3. Os santos e pecadores podem de forma semelhante temer a própria miséria e a miséria dos outros. Isto é estritamente constitucional e, portanto, não tem caráter moral. Soube que homens muito maus e que tinham sido infiéis, quando se convenceram das verdades do cristianismo, manifestaram grande preocupação por suas famílias e vizinhos; e, em determinada oportunidade, ouvi falar de um ancião que, quando convencido da verdade, foi e advertiu os vizinhos a fugir da ira vindoura, declarando ao mesmo tempo sua convicção de que não havia misericórdia para si, embora sentisse profunda preocupação pelos outros. Casos semelhantes são repetidas vezes testemunhados. O caso do homem rico no inferno parece ser um exemplo do que falo ou ilustra a mesma verdade. Embora soubesse que seu caso era desesperador, ele, não obstante, desejou que Lázaro fosse enviado para advertir seus cinco irmãos a que não fossem para aquele lugar de tormento. Nesse episódio, e no do ancião citado há pouco, parece que não só desejaram que os outros evitassem a miséria, mas tentaram preveni-los e usaram os meios que estavam ao alcance para salvá-los. Está claro que esse desejo tomou o controle da vontade e, evidentemente, o estado da vontade tornou-se egoísta. Era a busca da satisfação do desejo. Era a dor e o medo de ver a própria miséria que os levou a usar de meios para evitá-la. Isto não era benevolência, mas egoísmo.

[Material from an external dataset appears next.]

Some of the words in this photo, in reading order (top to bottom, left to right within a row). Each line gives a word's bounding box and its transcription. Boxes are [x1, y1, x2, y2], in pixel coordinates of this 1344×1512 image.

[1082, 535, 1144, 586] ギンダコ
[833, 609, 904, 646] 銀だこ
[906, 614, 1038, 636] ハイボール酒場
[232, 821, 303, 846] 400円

Que fique claro que quando santos e pecadores desejam constitucionalmente não só a própria felicidade, mas também a felicidade dos outros, ambos podem semelhantemente se alegrar com a felicidade e segurança alheias, bem como nos convertidos ao cristianismo, e podem igualmente lamentar o perigo e a miséria dos que não são convertidos. Lembro-me bem, quando, longe de casa e ainda pecador impenitente, recebi uma carta de meu irmão mais novo, informando-me que se convertera a Deus. Ele era o primeiro e único membro da família que, então, tinha esperança de salvação. Na oportunidade -- e tanto antes como depois -- eu era um dos pecadores mais imprudentes e, não obstante, ao receber essa notícia, chorei de alegria e gratidão por ter sido possível que alguém tão irreligioso da família fosse salvo. Com efeito, era comum eu ser informado que os pecadores manifestavam grande interesse na conversão de amigos e expressavam gratidão por isso, embora não tivessem religião. Esses desejos não têm caráter moral em si. Mas na medida em que controlam a vontade, é egoísmo a vontade se entregar ao impulso em vez de se entregar à lei da inteligência.

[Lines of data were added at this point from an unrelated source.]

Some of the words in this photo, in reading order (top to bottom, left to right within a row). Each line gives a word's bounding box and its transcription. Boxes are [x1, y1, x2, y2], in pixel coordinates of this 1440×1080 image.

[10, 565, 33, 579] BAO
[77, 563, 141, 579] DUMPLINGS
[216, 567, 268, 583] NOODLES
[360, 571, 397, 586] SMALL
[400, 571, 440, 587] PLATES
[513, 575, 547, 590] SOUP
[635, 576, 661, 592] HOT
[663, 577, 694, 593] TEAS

4. Santos e pecadores podem concordar em desejar o triunfo da verdade e da justiça e a supressão do vício e do erro, por causa dos problemas que essas coisas causam em si mesmos e nos amigos. Esses desejos são, sob certas circunstâncias, constitucionais e naturais a ambos. Quando não influenciam a vontade deixam de ter caráter moral em si, mas quando influenciam a vontade, seu egoísmo assume um tipo religioso. Isto manifesta zelo em promover a religião. Se o desejo, e não a inteligência, controla a vontade é, portanto, egoísmo.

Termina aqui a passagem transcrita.